Un pedido que marca un quiebre
El reclamo no es menor si se tiene en cuenta el histórico alineamiento de la UIA con las políticas del oficialismo. La entidad acompañó reformas clave como la laboral, la baja de retenciones para algunos productos industriales y otros cambios regulatorios orientados a mejorar la competitividad.
Sin embargo, la recesión, la caída del consumo, la presión importadora y el alto costo del crédito están generando un malestar creciente que ya no se limita a las cámaras más pequeñas o a los sectores regionales. Ahora es la conducción nacional de la industria la que sale a pedir medidas concretas de emergencia.
Qué respondió ARCA
Desde el organismo recaudador, que reemplazó a la AFIP, se excusaron señalando que varias de las propuestas dependen de decisiones del Ministerio de Economía. Aun así, se comprometieron a analizar algunas de las solicitudes, como ampliar el universo de contribuyentes que pueden compensar créditos o revisar los montos mínimos para solicitar reducciones en los anticipos de Ganancias.
La UIA y ARCA acordaron volver a reunirse en un plazo de 45 días para evaluar avances.
Números que preocupan
El último relevamiento de la UIA muestra que la producción manufacturera cerró el primer semestre con una contracción interanual del 3%, y que el nivel de actividad se ubica cerca de un 10% por debajo de los registros de 2022 y 2023. Solo en junio, la caída interanual fue del 1,8%, según el Centro de Estudios de la entidad.
El empleo también es un punto crítico. En mayo se perdieron 3.157 puestos de trabajo registrados en el sector respecto del mes anterior. Y el deterioro viene de antes: para febrero, la industria manufacturera ya había perdido 48.950 empleos formales en un año, acumulando 26 meses consecutivos de caída en el empleo registrado.

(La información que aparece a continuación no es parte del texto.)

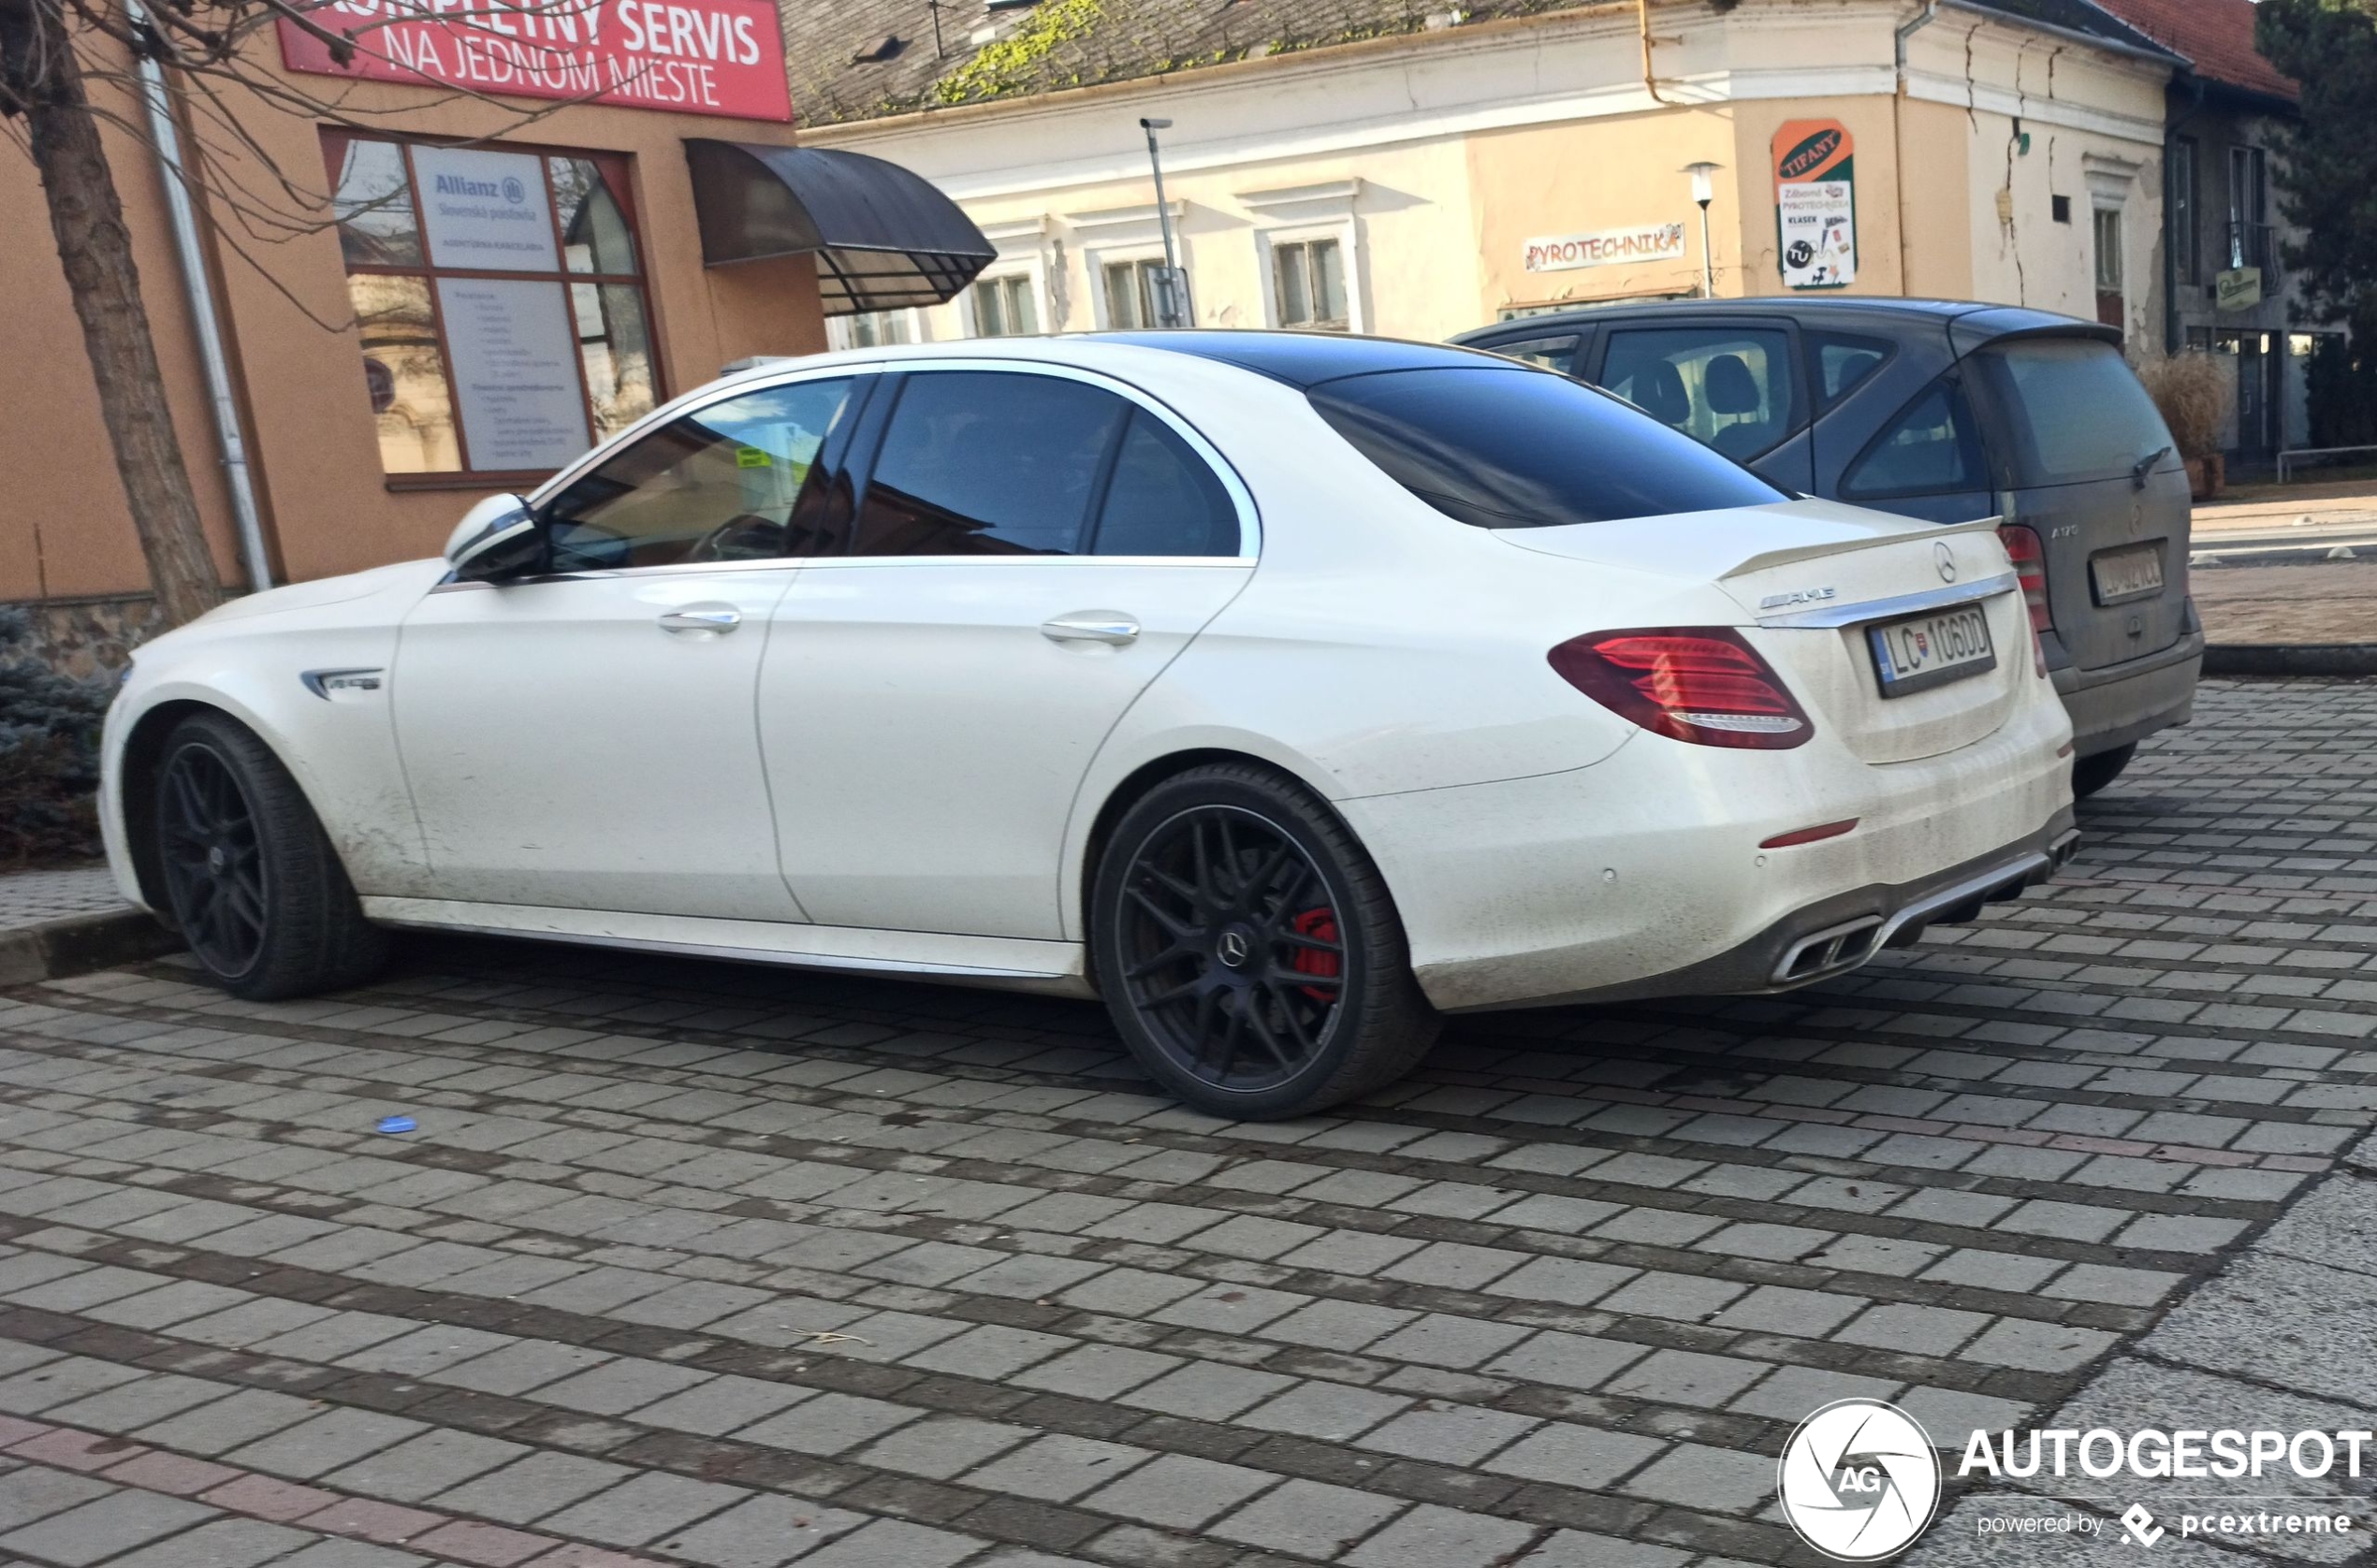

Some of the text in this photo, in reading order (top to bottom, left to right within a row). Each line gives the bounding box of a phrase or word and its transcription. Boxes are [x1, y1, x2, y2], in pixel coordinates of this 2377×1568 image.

Con estos números, el pedido de suspender embargos por seis meses no es un capricho. Cuando una empresa vende menos y produce menos, pero debe afrontar tasas altas para financiar su capital de trabajo, el pago de impuestos se convierte en un problema de liquidez, incluso si en términos contables todavía es rentable.
La UIA explicó en su presentación que la suspensión de embargos y ejecuciones fiscales por 180 días es una "medida transitoria frente a la asfixia financiera derivada de la suba de tasas, la caída de actividad y la restricción del crédito". También cuestionó que el costo de los planes de financiación tributaria siga siendo elevado a pesar de la desaceleración de la inflación, y pidió que se reduzca la tasa que pagan las pymes.
El trasfondo del conflicto
La relación entre el Gobierno y la UIA ya había mostrado fisuras en agosto, cuando dirigentes industriales cuestionaron al ministro de Economía, Luis Caputo, por calificar de "tarados" a quienes advertían sobre la situación del sector. Los empresarios reclamaron "respeto" y señalaron que la industria acumula meses de caídas y enfrenta "tasas de interés altas".
Ese episodio dejó en evidencia una tensión que hasta entonces estaba latente: las entidades empresarias pueden acompañar la orientación general del Gobierno, pero cuando la recesión golpea directamente los balances de sus asociados, la defensa del programa económico pasa a un segundo plano frente a la urgencia de sobrevivir.